### Task directions
All of the data that follows is to be printed exactly, without pictures.

### Collected data
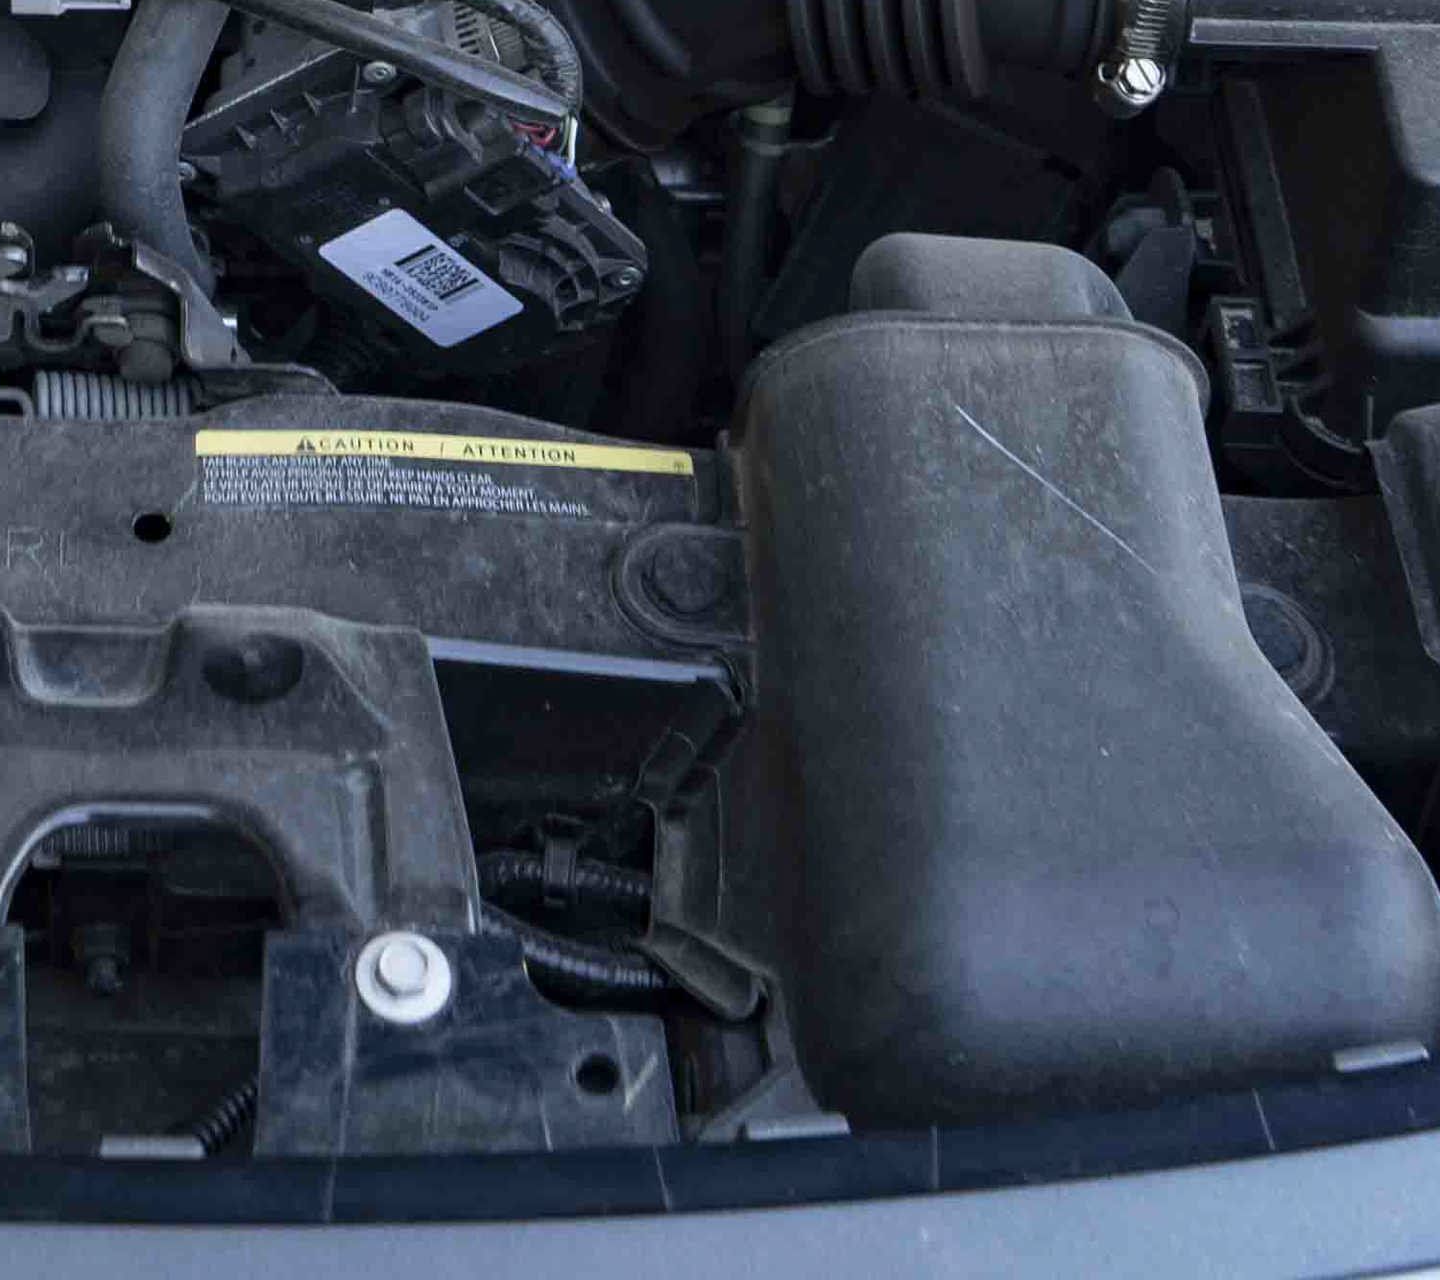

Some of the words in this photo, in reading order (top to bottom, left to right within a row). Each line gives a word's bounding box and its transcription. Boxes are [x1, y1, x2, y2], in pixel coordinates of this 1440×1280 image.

[319, 436, 415, 452] CAUTION
[462, 442, 576, 463] ATTENTION
[341, 457, 363, 468] ANY
[417, 470, 455, 483] HANDS

### Answer for the task
Some of the words in this photo, in reading order (top to bottom, left to right within a row). Each line gives a word's bounding box and its transcription. Boxes are [x1, y1, x2, y2], in pixel coordinates of this 1440×1280 image.

[319, 436, 415, 452] CAUTION
[462, 442, 576, 463] ATTENTION
[341, 457, 363, 468] ANY
[417, 470, 455, 483] HANDS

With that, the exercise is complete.